▶ **What you have to do**: The answer is all of the entries below, repeated exactly and free of pictures.

Collected data:
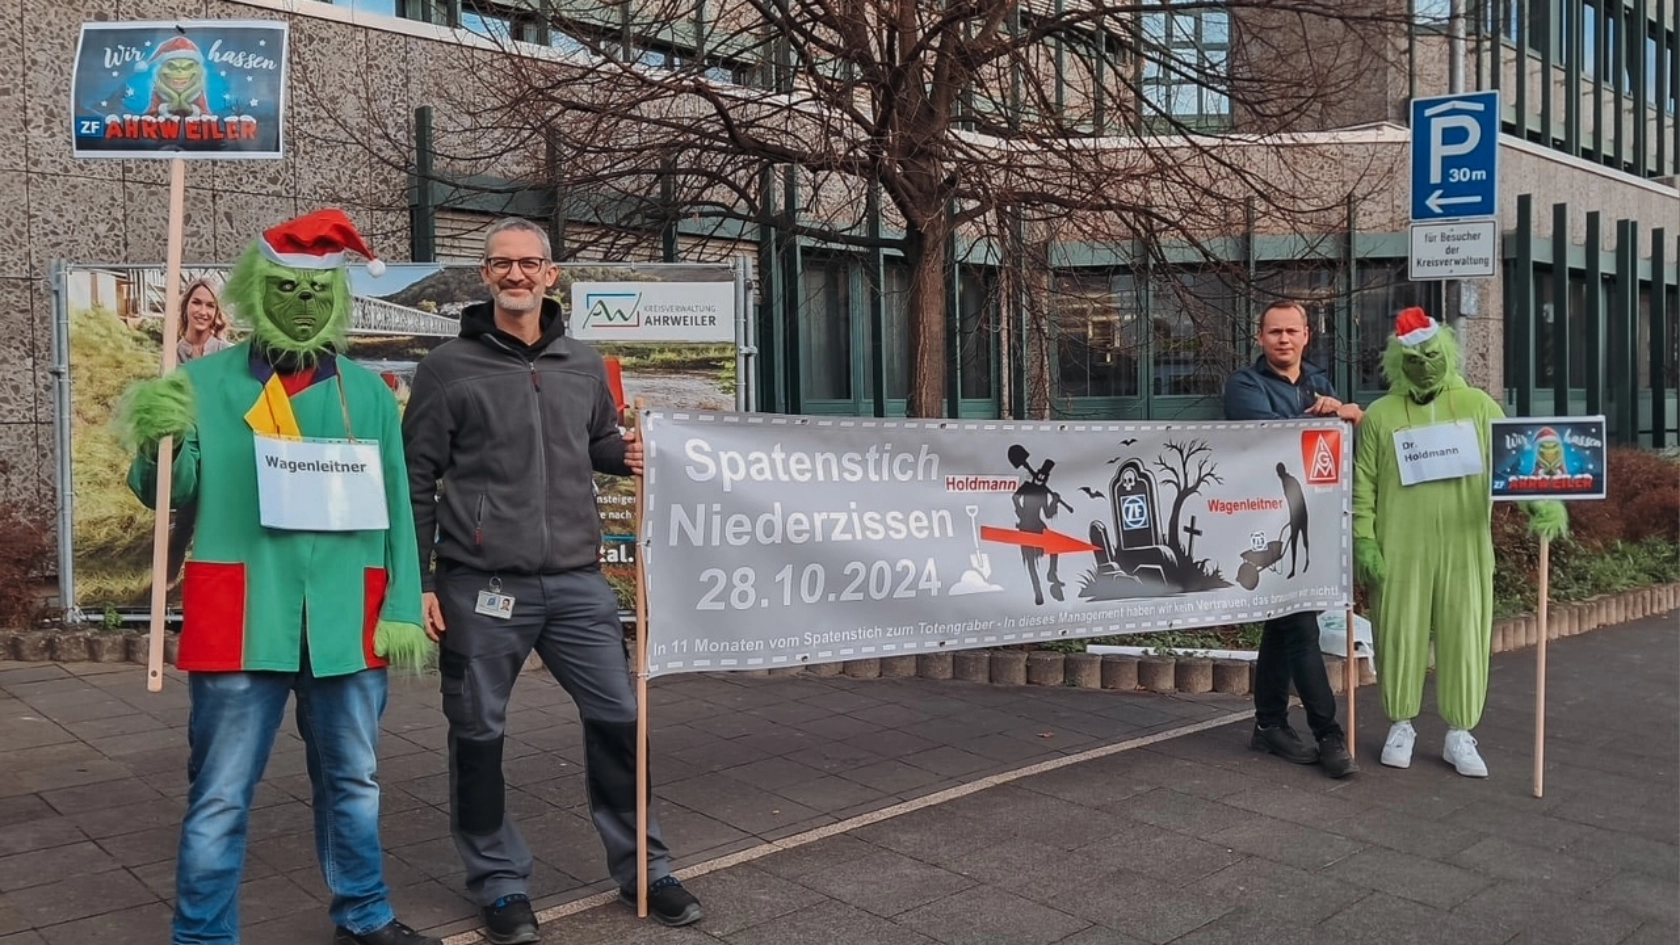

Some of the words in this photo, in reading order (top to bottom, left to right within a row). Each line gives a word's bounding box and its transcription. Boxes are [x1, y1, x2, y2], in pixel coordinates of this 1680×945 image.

[104, 45, 145, 69] Wir
[208, 39, 277, 71] hassen
[80, 121, 101, 134] ZF
[104, 114, 259, 141] AHRWEILER
[1429, 114, 1482, 185] P
[1424, 232, 1438, 243] für
[1440, 231, 1482, 243] Besucher
[1445, 244, 1460, 255] der
[1416, 255, 1490, 268] Kreisverwaltung
[644, 303, 717, 313] KREISVERWALTUNG
[644, 315, 717, 327] AHRWEILER
[1402, 441, 1418, 450] Dr.
[1505, 433, 1528, 450] Wir
[1564, 428, 1602, 448] hassen
[1404, 447, 1459, 463] Holdmann
[265, 455, 367, 474] Wagenleitner
[684, 438, 940, 492] Spatenstich
[946, 476, 1018, 491] Holdmann
[608, 510, 632, 519] nach
[1207, 497, 1283, 515] Wagenleitner
[668, 501, 954, 547] Niederzissen
[696, 557, 942, 611] 28.10.2024
[653, 643, 666, 656] In
[671, 638, 688, 653] 11
[694, 637, 764, 653] Monaten
[769, 635, 799, 648] vom
[803, 625, 882, 647] Spatenstich
[886, 625, 914, 638] zum
[918, 619, 995, 635] Totengräber
[1004, 616, 1015, 628] In
[1018, 614, 1055, 627] dieses
[1058, 607, 1123, 623] Management
[1126, 604, 1156, 618] haben
[1157, 603, 1173, 614] wir
[1174, 601, 1194, 613] kein
[1195, 598, 1250, 612] Vertrauen,
[1252, 595, 1269, 606] das
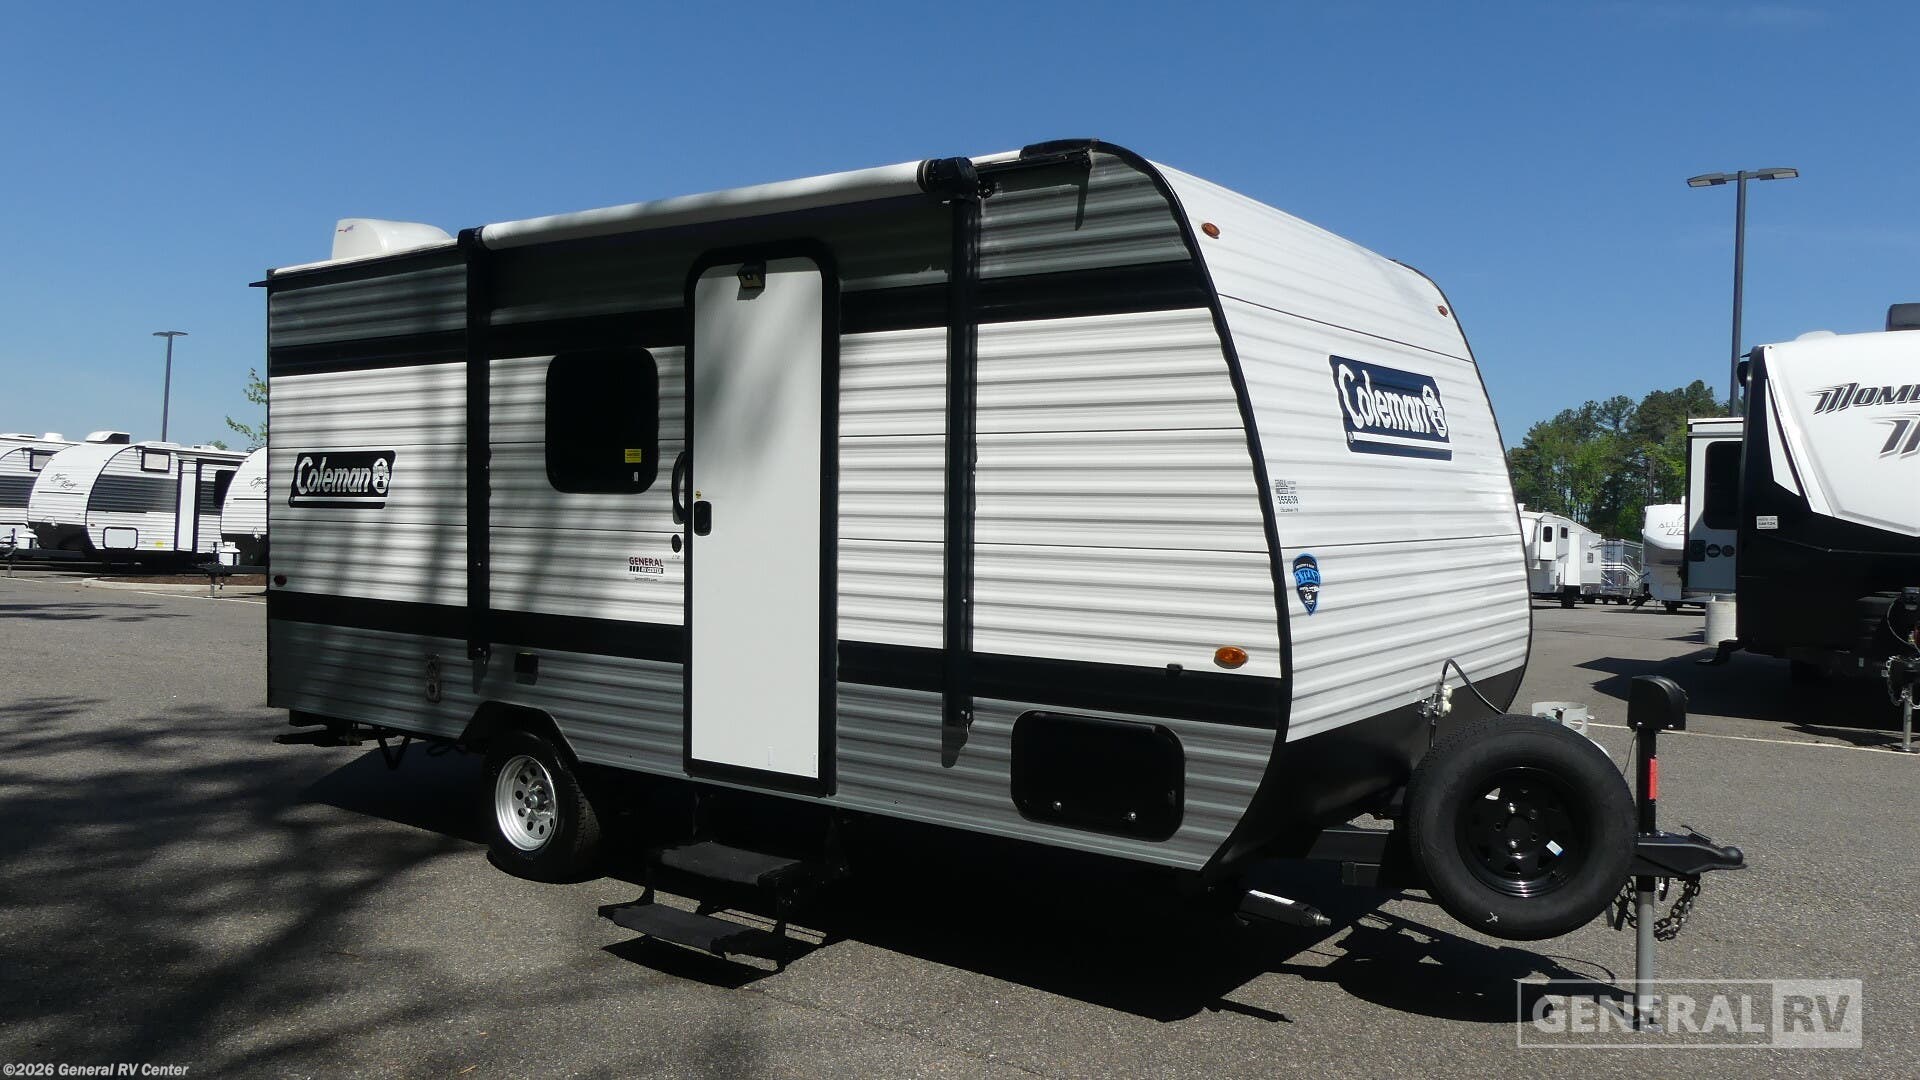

▶ **Output for this exercise**:
Some of the words in this photo, in reading order (top to bottom, left to right within a row). Each line gives a word's bounding box and its transcription. Boxes are [x1, y1, x2, y2], in pixel coordinates of this 1680×945 image.

[104, 45, 145, 69] Wir
[208, 39, 277, 71] hassen
[80, 121, 101, 134] ZF
[104, 114, 259, 141] AHRWEILER
[1429, 114, 1482, 185] P
[1424, 232, 1438, 243] für
[1440, 231, 1482, 243] Besucher
[1445, 244, 1460, 255] der
[1416, 255, 1490, 268] Kreisverwaltung
[644, 303, 717, 313] KREISVERWALTUNG
[644, 315, 717, 327] AHRWEILER
[1402, 441, 1418, 450] Dr.
[1505, 433, 1528, 450] Wir
[1564, 428, 1602, 448] hassen
[1404, 447, 1459, 463] Holdmann
[265, 455, 367, 474] Wagenleitner
[684, 438, 940, 492] Spatenstich
[946, 476, 1018, 491] Holdmann
[608, 510, 632, 519] nach
[1207, 497, 1283, 515] Wagenleitner
[668, 501, 954, 547] Niederzissen
[696, 557, 942, 611] 28.10.2024
[653, 643, 666, 656] In
[671, 638, 688, 653] 11
[694, 637, 764, 653] Monaten
[769, 635, 799, 648] vom
[803, 625, 882, 647] Spatenstich
[886, 625, 914, 638] zum
[918, 619, 995, 635] Totengräber
[1004, 616, 1015, 628] In
[1018, 614, 1055, 627] dieses
[1058, 607, 1123, 623] Management
[1126, 604, 1156, 618] haben
[1157, 603, 1173, 614] wir
[1174, 601, 1194, 613] kein
[1195, 598, 1250, 612] Vertrauen,
[1252, 595, 1269, 606] das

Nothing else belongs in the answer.